■ **Task description**
Make an exact copy of the records that follow, with each picture omitted.

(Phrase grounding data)
▽

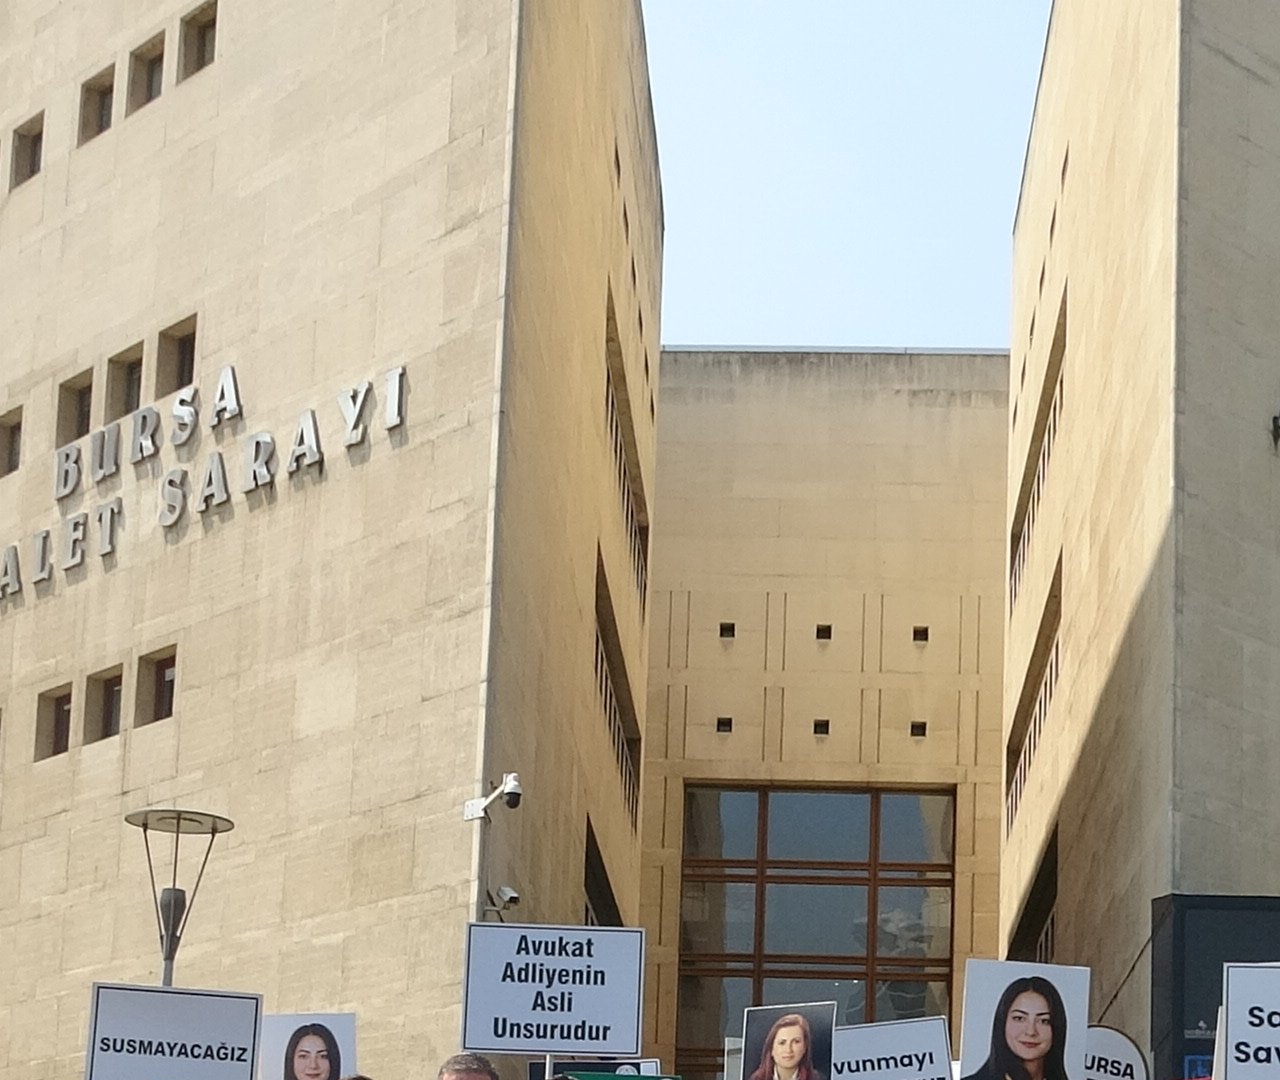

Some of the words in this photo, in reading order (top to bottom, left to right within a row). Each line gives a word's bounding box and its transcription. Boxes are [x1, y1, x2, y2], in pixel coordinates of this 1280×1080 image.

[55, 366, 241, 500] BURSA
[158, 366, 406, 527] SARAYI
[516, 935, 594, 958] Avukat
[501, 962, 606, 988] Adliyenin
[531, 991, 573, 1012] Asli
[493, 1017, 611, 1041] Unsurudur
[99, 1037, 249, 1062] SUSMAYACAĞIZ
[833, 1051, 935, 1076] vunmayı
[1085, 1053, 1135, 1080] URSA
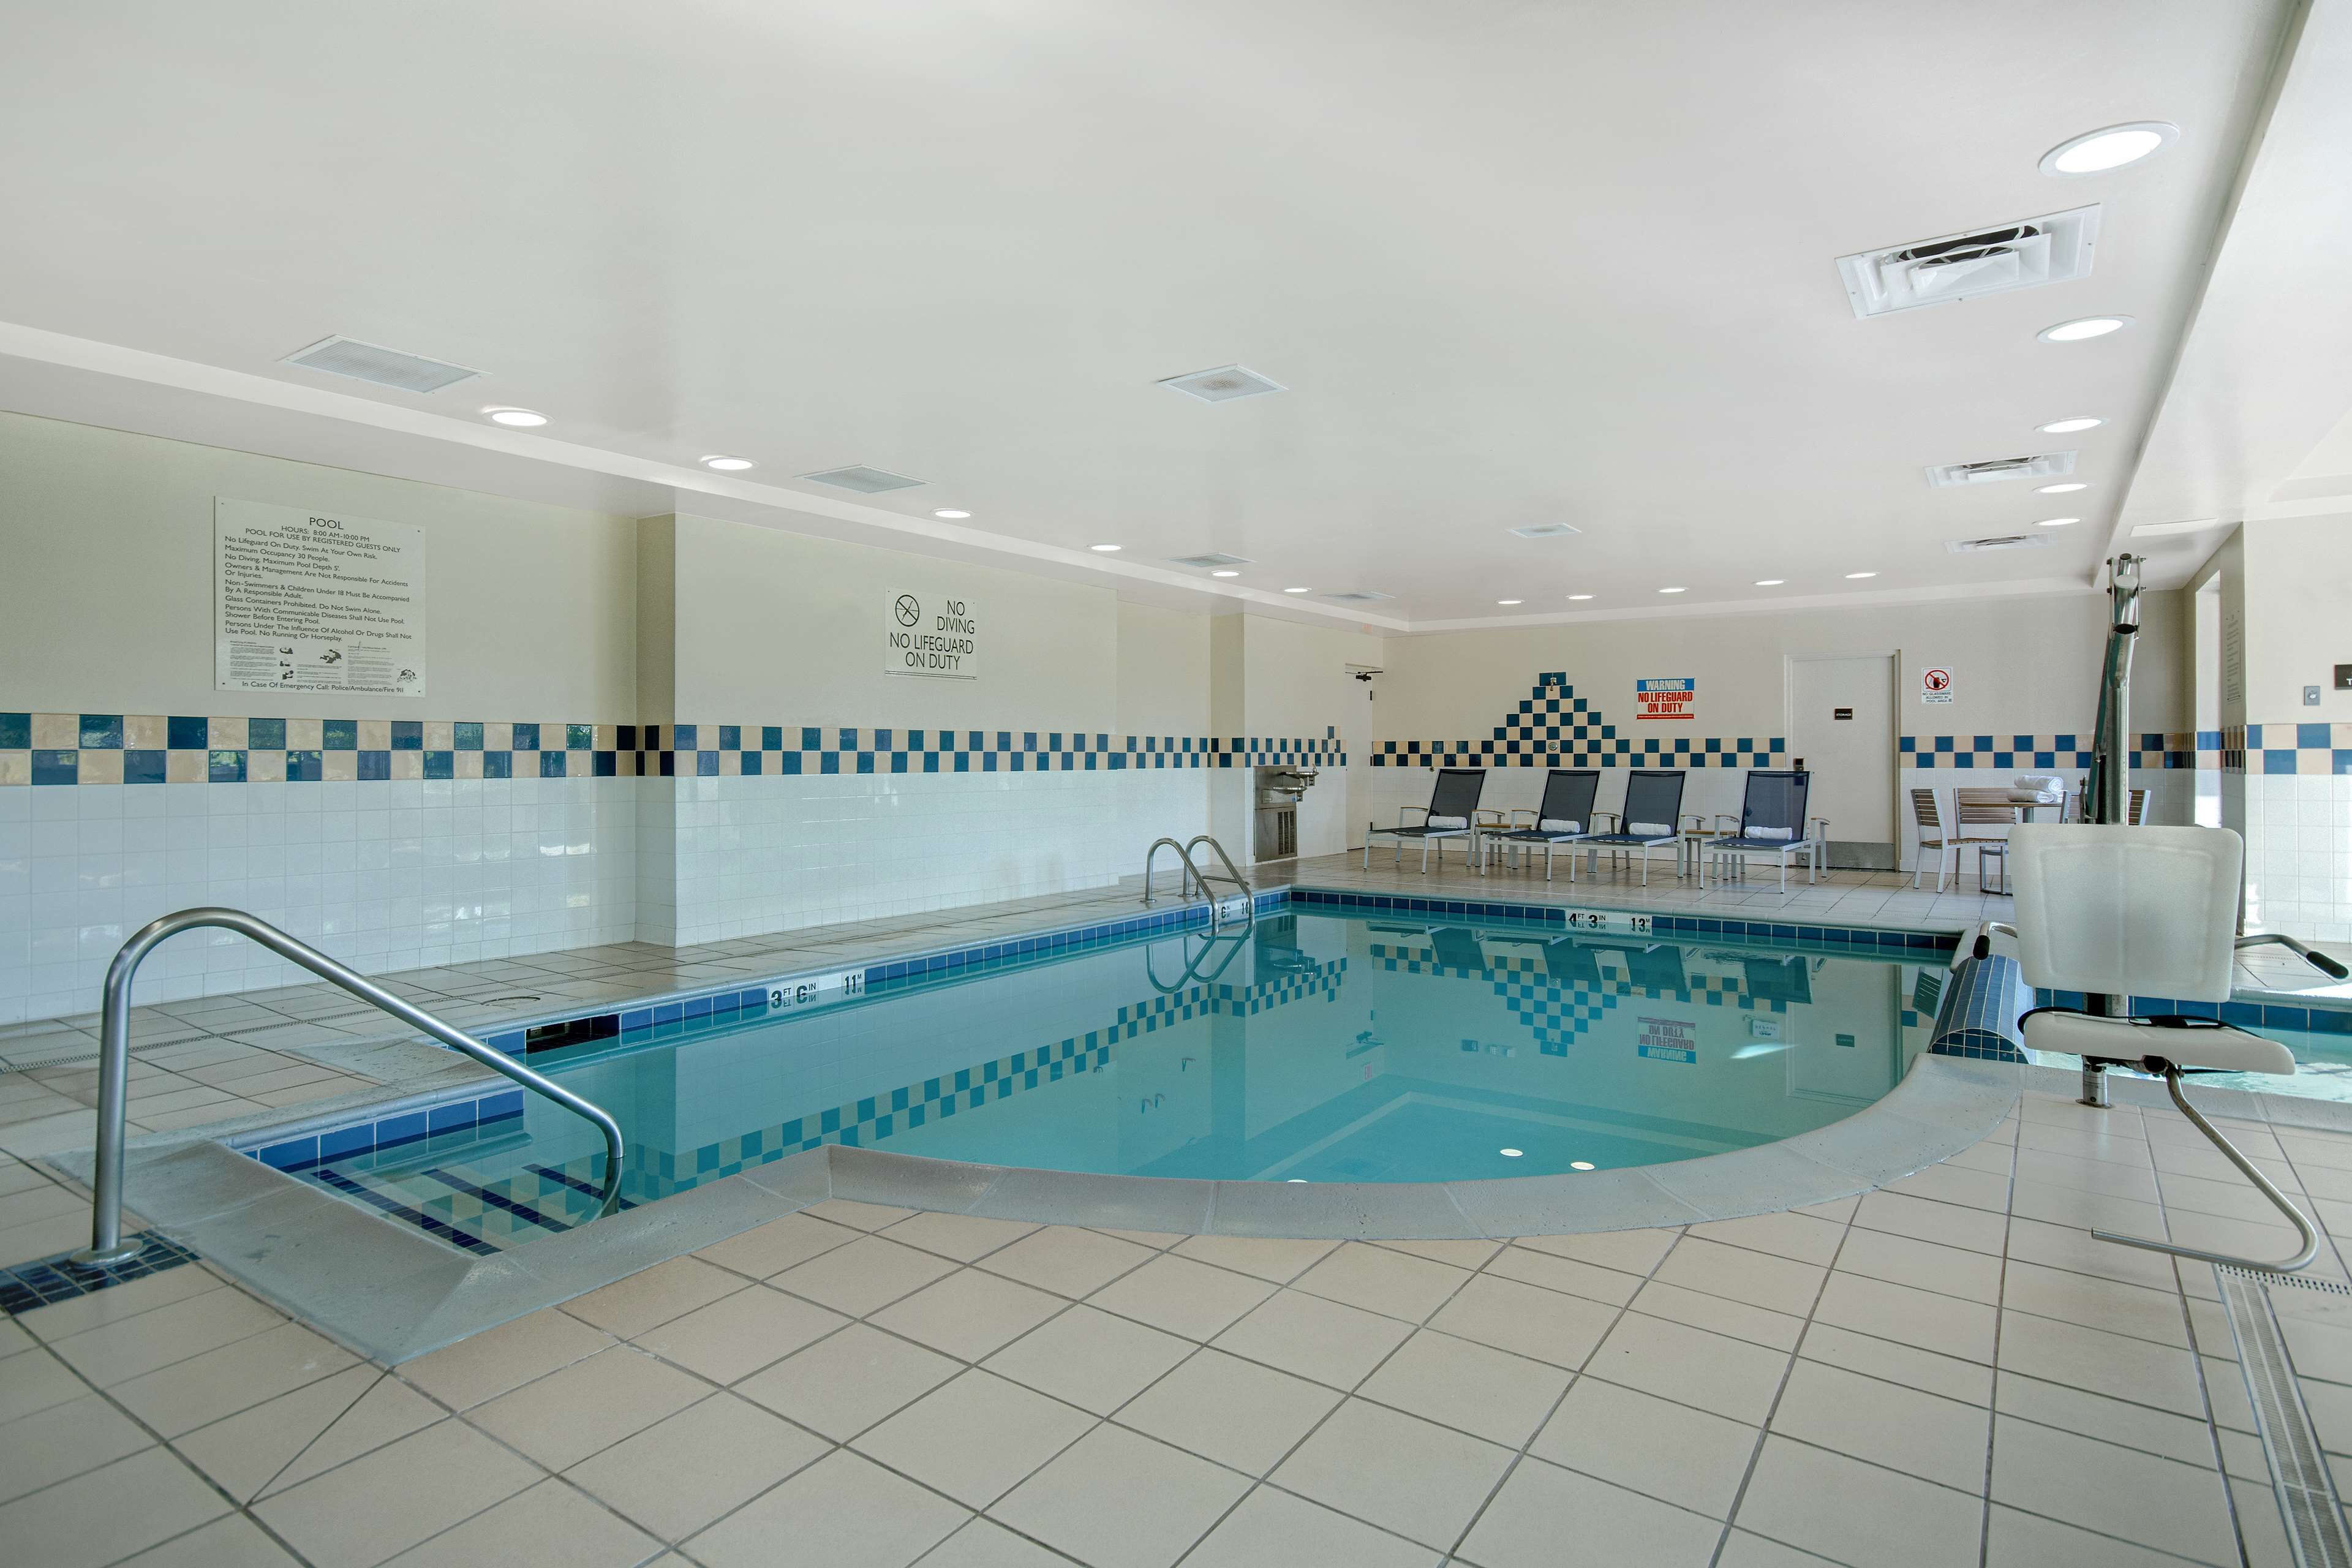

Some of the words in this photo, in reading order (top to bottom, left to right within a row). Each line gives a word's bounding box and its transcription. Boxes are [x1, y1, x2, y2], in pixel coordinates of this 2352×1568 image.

△

■ **Answer for this exercise**
Some of the words in this photo, in reading order (top to bottom, left to right within a row). Each line gives a word's bounding box and its transcription. Boxes are [x1, y1, x2, y2], in pixel coordinates of this 1280×1080 image.

[55, 366, 241, 500] BURSA
[158, 366, 406, 527] SARAYI
[516, 935, 594, 958] Avukat
[501, 962, 606, 988] Adliyenin
[531, 991, 573, 1012] Asli
[493, 1017, 611, 1041] Unsurudur
[99, 1037, 249, 1062] SUSMAYACAĞIZ
[833, 1051, 935, 1076] vunmayı
[1085, 1053, 1135, 1080] URSA

Some of the words in this photo, in reading order (top to bottom, left to right within a row). Each line gives a word's bounding box and its transcription. Boxes are [x1, y1, x2, y2], in pixel coordinates of this 2352×1568 image.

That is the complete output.